After reading the reviews—and with a 4.1 rating—I was eagerly anticipating reading this book. I have lived in Italy, am a scholar in sixteenth- and seventeenth-century Italian history, and enthusiastically devour anything set in that time and locale. I expected there to be artistic license taken with the historical record for the sake of Lafferty’s fictional narrative. What I didn’t expect was to be so thoroughly bored by this novel.
The characters were one-dimensional and unappealing, which was pretty surprising. The Medici were some of the most fascinating actors in Italian religious, political, and diplomatic history, yet I found their scenes wearying and perplexing. Because of my research, I think I have a decent sense of the motivation for much of their behavior, but I got no inkling of it from reading the novel. The shepherdess who was ‘mad for horses’ and seemed to have a special affinity for them and they for her had such potential as a protagonist, but she came off mainly as self-absorbed, arrogant, and remarkably resistant to understanding anything outside of her own narrow aspiration.

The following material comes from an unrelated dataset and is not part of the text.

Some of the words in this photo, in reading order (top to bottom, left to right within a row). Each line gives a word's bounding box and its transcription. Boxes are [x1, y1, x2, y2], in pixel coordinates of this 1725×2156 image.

The book was also rather torturous to read. The dialogue was shallow and took twice as long as needed to impart the emotional or narrative information it seemed designed to convey. I kept plugging, thinking that eventually, the author would start giving some justification for what was happening: explaining the reactions of the conservative peasantry towards Virginia as well as what she and her family and friends realistically hoped for her future (I was pretty amazed that the aunt, who had figured so prominently as the voice of narrow-mindedness and intolerance in Virginia’s first 10 years, never appeared during her training or her early rides!).

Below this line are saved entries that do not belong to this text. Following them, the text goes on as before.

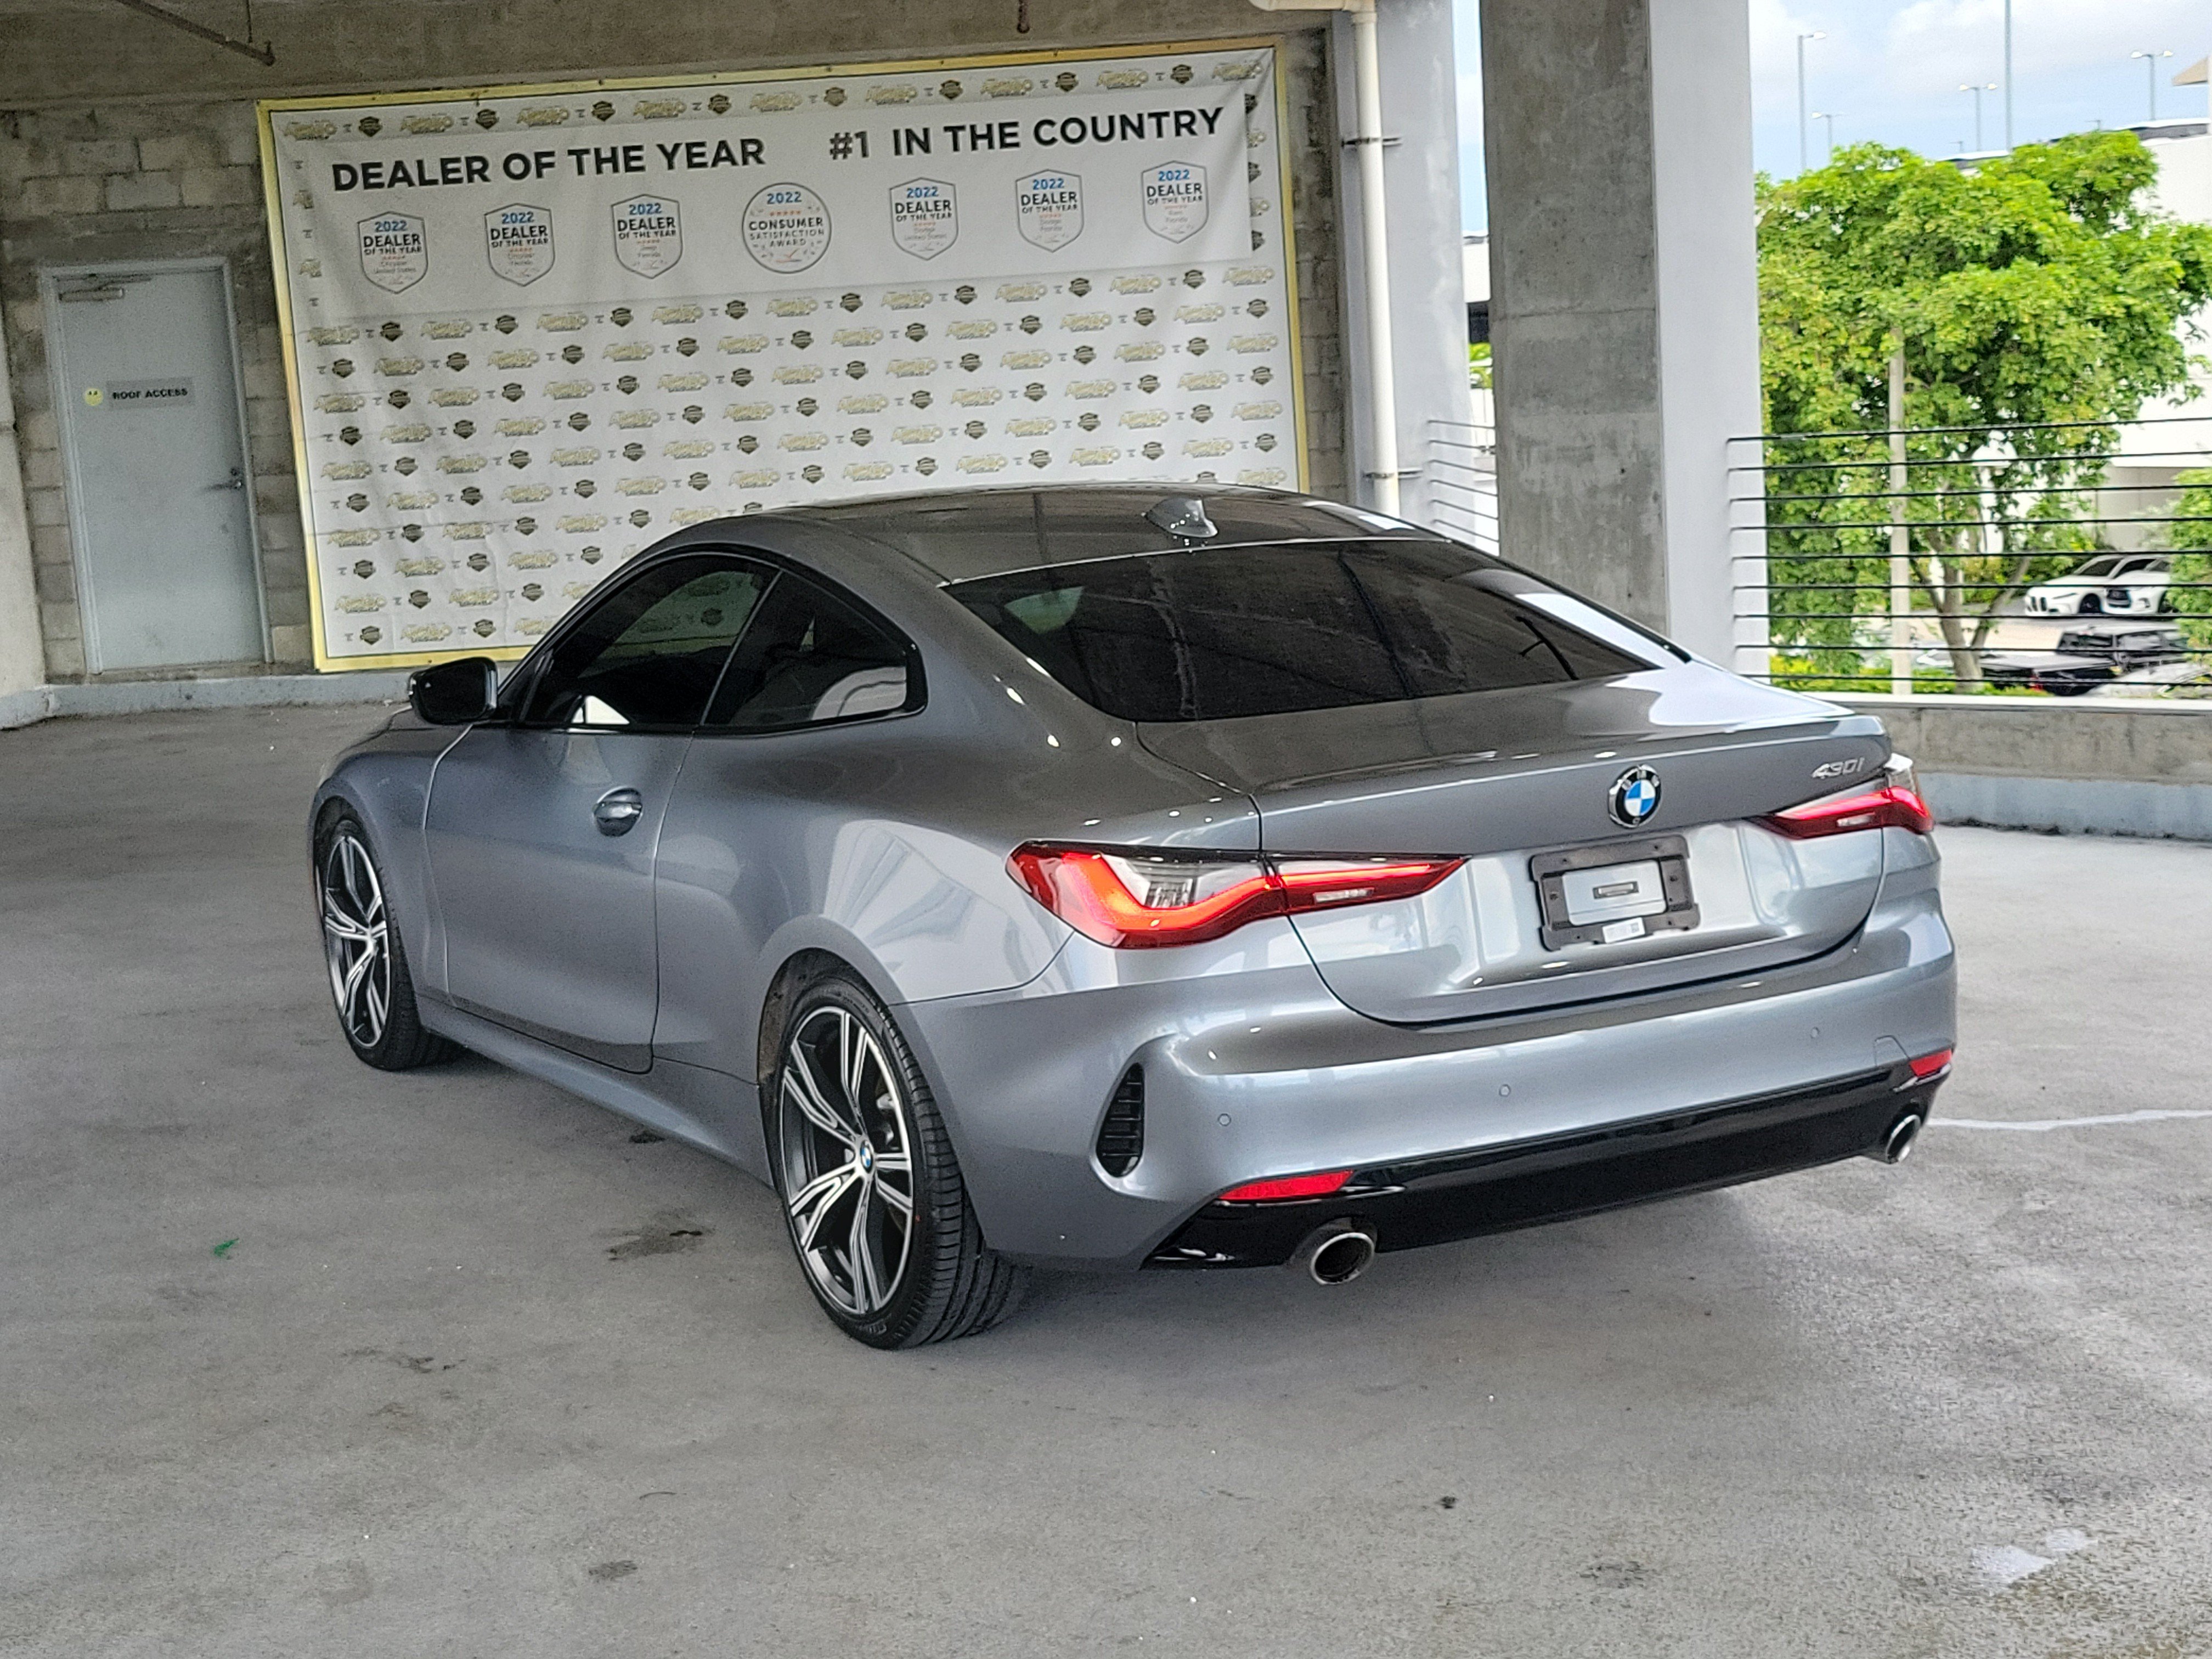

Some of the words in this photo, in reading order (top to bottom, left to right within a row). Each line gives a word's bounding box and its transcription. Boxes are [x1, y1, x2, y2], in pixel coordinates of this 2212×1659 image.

[829, 131, 870, 160] #1
[893, 127, 932, 156] IN
[943, 121, 1020, 152] THE
[1033, 106, 1224, 146] COUNTRY
[333, 155, 491, 191] DEALER
[503, 150, 556, 180] OF
[567, 145, 646, 176] THE
[656, 138, 766, 170] YEAR
[1158, 169, 1190, 181] 2022
[1032, 178, 1065, 190] 2022
[1147, 183, 1203, 198] DEALER
[767, 191, 802, 204] 2022
[906, 186, 939, 199] 2022
[1020, 191, 1077, 206] DEALER
[629, 203, 662, 215] 2022
[895, 200, 952, 214] DEALER
[501, 212, 534, 224] 2022
[618, 217, 676, 231] DEALER
[749, 217, 823, 230] CONSUMER
[375, 221, 407, 232] 2022
[490, 225, 548, 240] DEALER
[363, 234, 421, 247] DEALER
[749, 229, 825, 240] SATISFACTION
[770, 239, 806, 247] AWARD
[145, 388, 188, 398] ACCESS

Finally, about halfway through, I had to call the time of death on this book. Maybe the author addresses some of these issues in the second half of the novel, but life is too short to continue reading a book that I knew I would pan.
ETA: Apparently, I should have read ALL of the reviews! I just read Erin’s Goodreads review of 7 January 2015 in which she said pretty much everything I’d said (even to pulling the plug on the book) Overall, though, I am rather surprised to see the high rating here at Goodreads, and decided to read on for another 30 or so pages. I stopped again, and I still feel the same.
I’m done.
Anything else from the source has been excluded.